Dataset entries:

▼

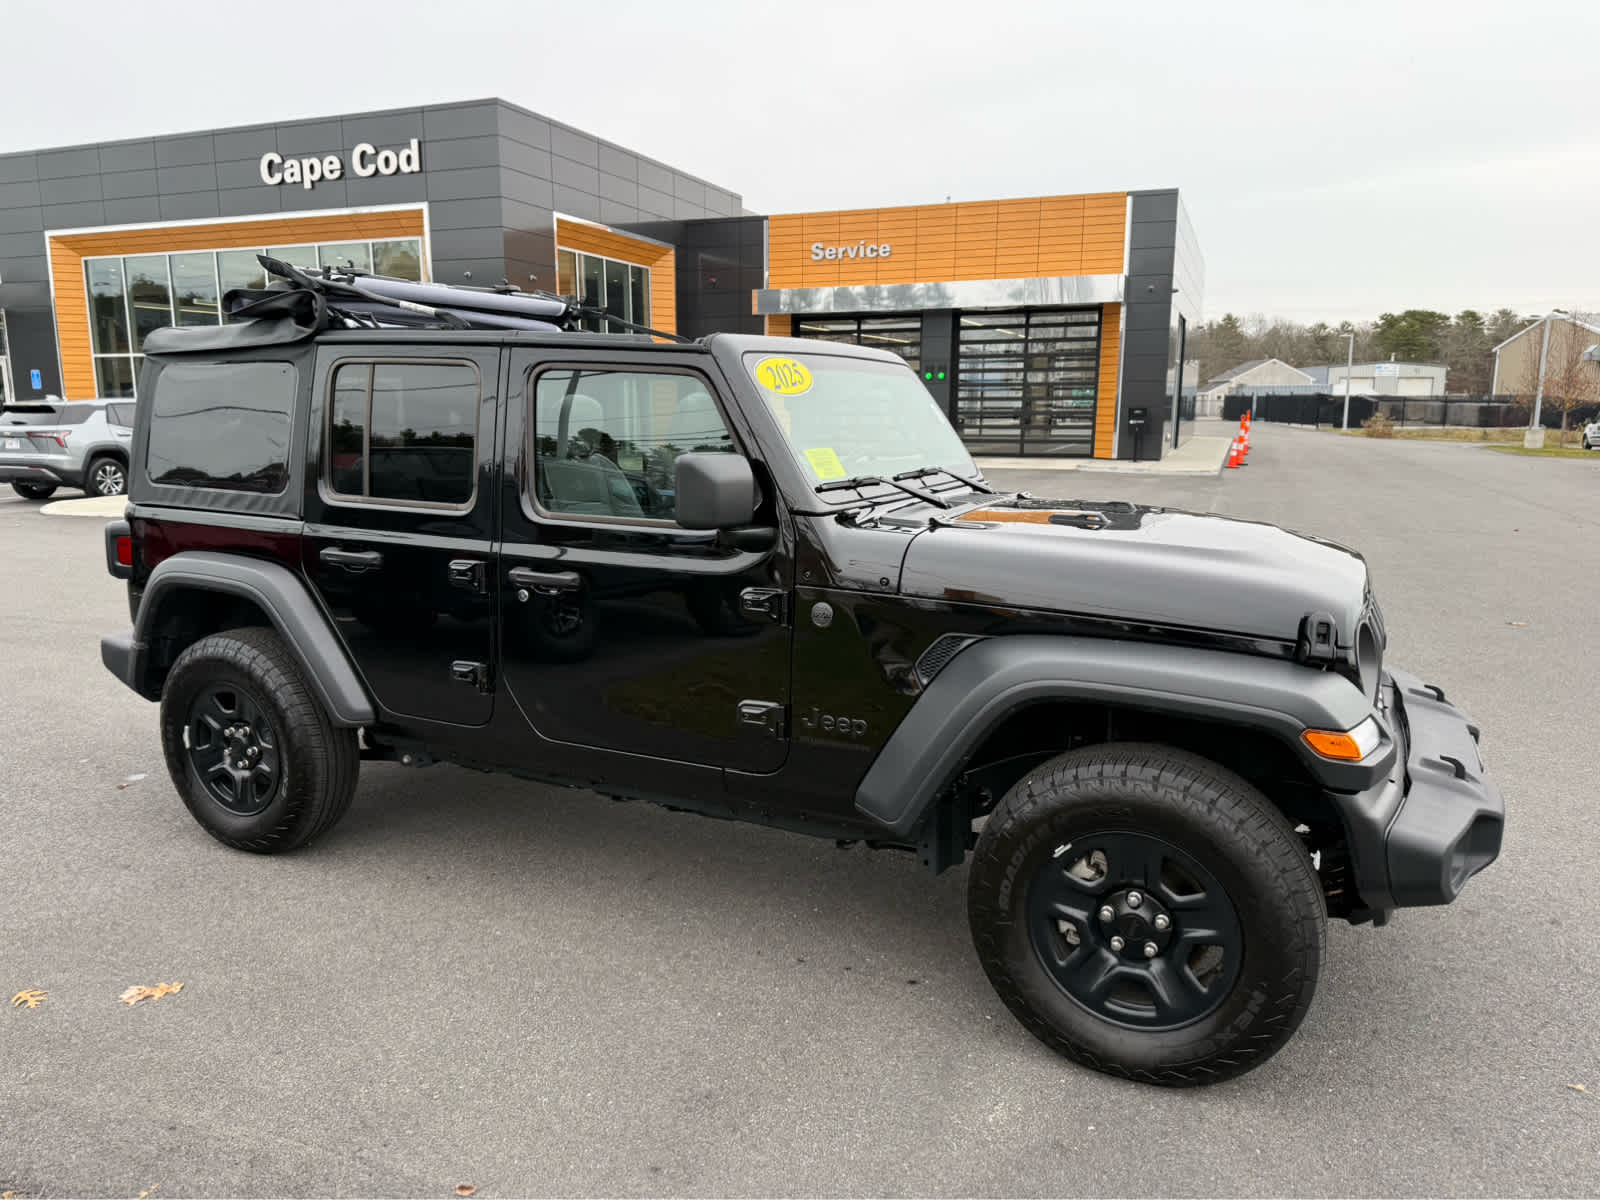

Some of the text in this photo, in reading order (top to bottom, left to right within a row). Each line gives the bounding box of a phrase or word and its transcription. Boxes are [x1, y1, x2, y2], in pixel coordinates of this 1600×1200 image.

[259, 138, 421, 189] Cape Cod
[810, 241, 892, 261] Service
[766, 362, 805, 390] 2025
[801, 706, 868, 739] Jeep

▲

■ Requirement:
A faithful copy of the records above, without images, is what to give back.

■ Exercise result:
Some of the text in this photo, in reading order (top to bottom, left to right within a row). Each line gives the bounding box of a phrase or word and its transcription. Boxes are [x1, y1, x2, y2], in pixel coordinates of this 1600×1200 image.

[259, 138, 421, 189] Cape Cod
[810, 241, 892, 261] Service
[766, 362, 805, 390] 2025
[801, 706, 868, 739] Jeep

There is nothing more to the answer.